Images are to be dropped; everything else in the entries below must be copied exactly.

········

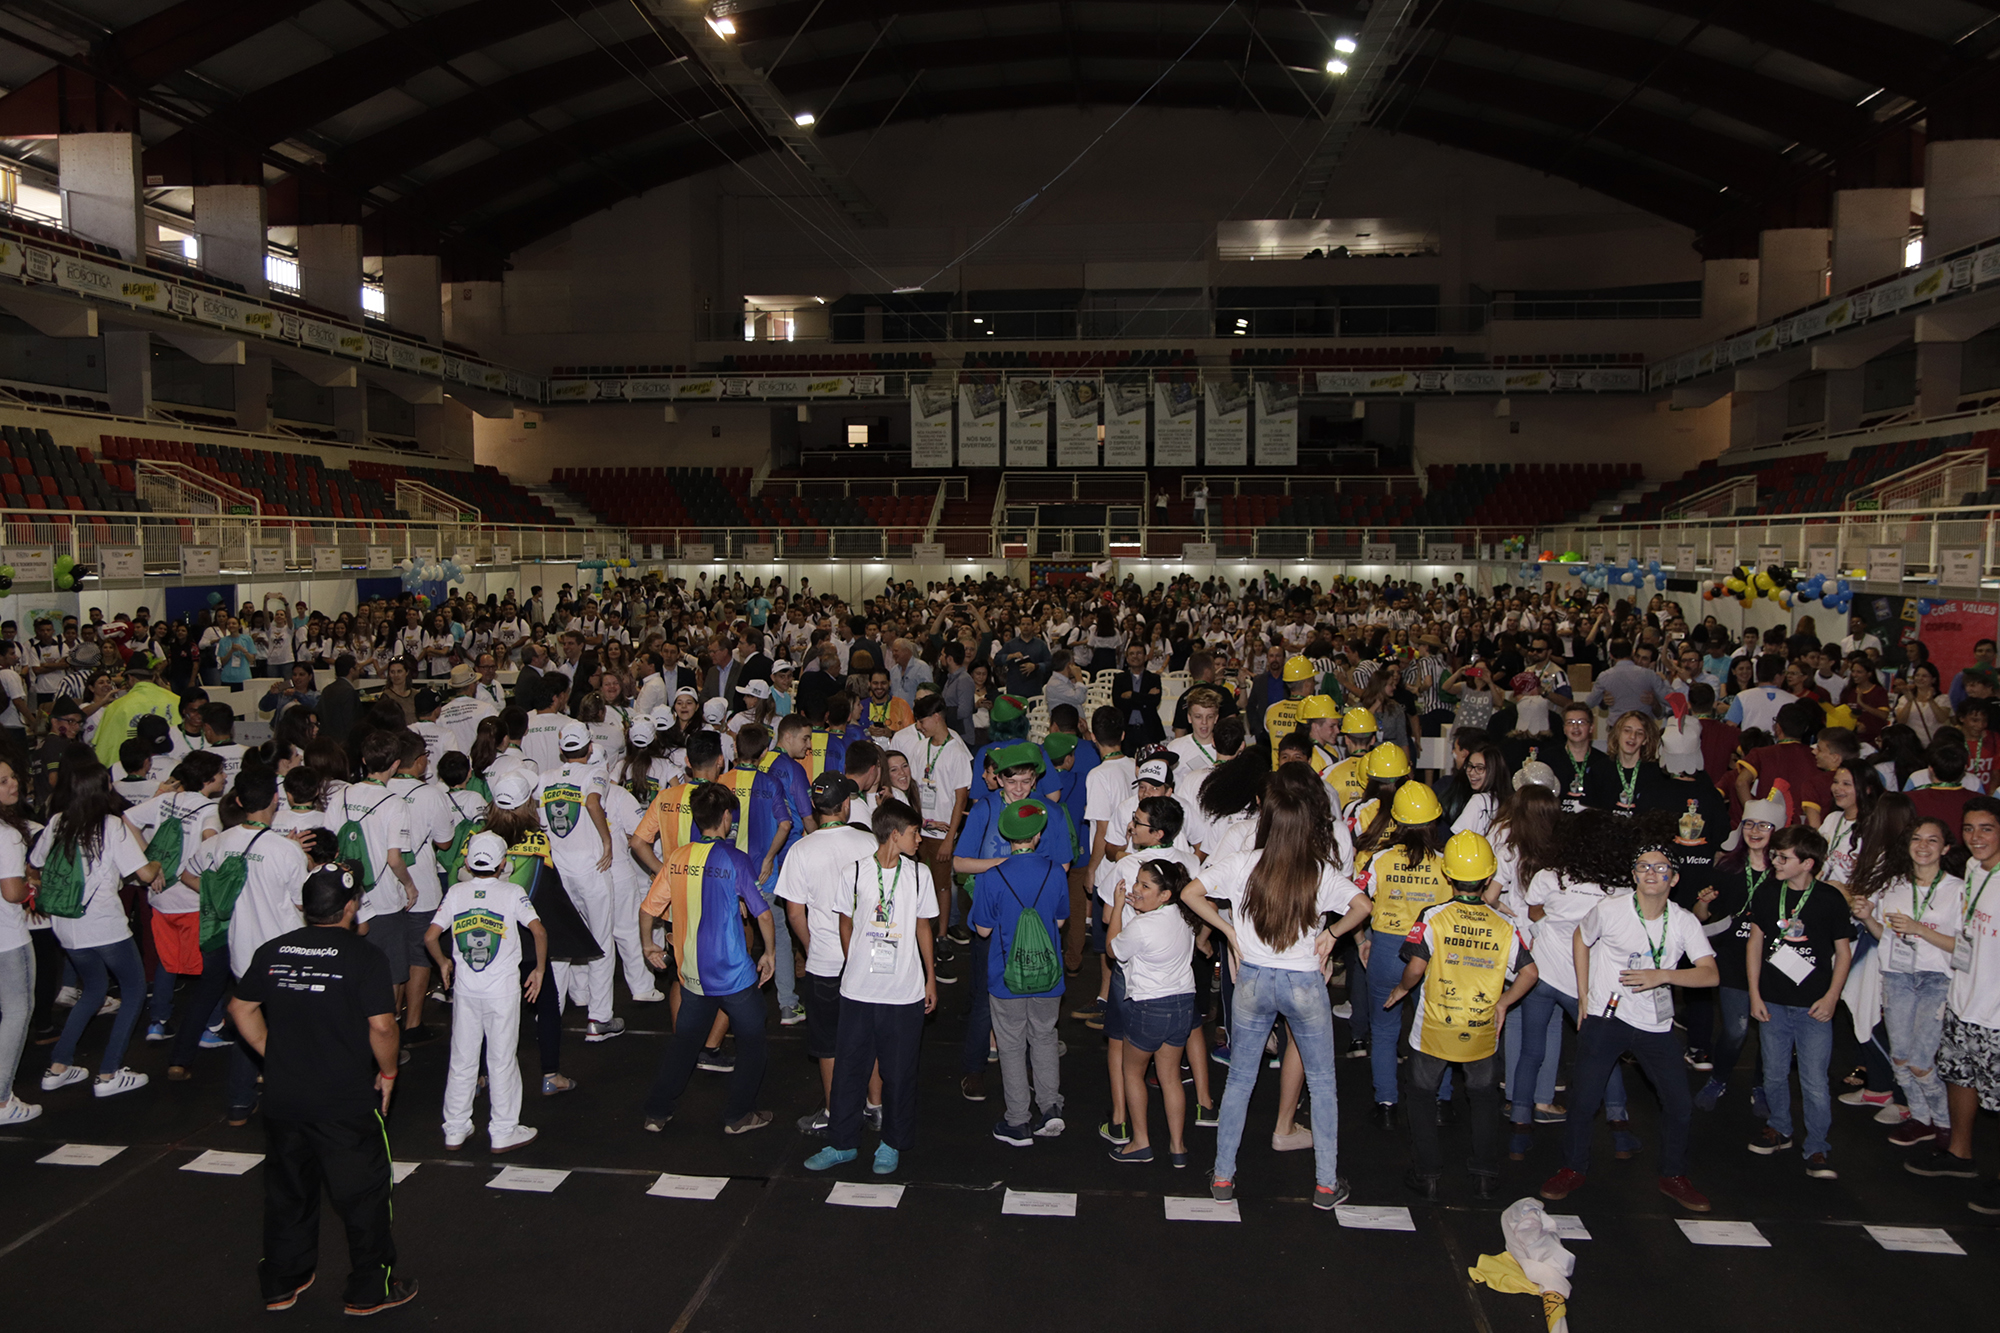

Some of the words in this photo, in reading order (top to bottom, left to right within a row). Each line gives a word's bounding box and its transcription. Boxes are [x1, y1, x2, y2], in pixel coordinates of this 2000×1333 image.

[1930, 603, 1957, 616] CORE
[1962, 602, 1997, 616] VALUES
[1140, 766, 1161, 776] adidas
[1686, 856, 1712, 865] Victor
[684, 864, 699, 876] RISE
[714, 867, 731, 879] SUN
[1386, 873, 1439, 885] ROBÓTICA
[455, 917, 478, 930] AGRO
[1453, 924, 1493, 937] EQUIPE
[1444, 937, 1500, 951] ROBÓTICA
[279, 945, 339, 957] COORDENAÇÃO
[1445, 987, 1456, 996] LS

········

**YOUR RESPONSE**:
Some of the words in this photo, in reading order (top to bottom, left to right within a row). Each line gives a word's bounding box and its transcription. Boxes are [x1, y1, x2, y2], in pixel coordinates of this 2000×1333 image.

[1930, 603, 1957, 616] CORE
[1962, 602, 1997, 616] VALUES
[1140, 766, 1161, 776] adidas
[1686, 856, 1712, 865] Victor
[684, 864, 699, 876] RISE
[714, 867, 731, 879] SUN
[1386, 873, 1439, 885] ROBÓTICA
[455, 917, 478, 930] AGRO
[1453, 924, 1493, 937] EQUIPE
[1444, 937, 1500, 951] ROBÓTICA
[279, 945, 339, 957] COORDENAÇÃO
[1445, 987, 1456, 996] LS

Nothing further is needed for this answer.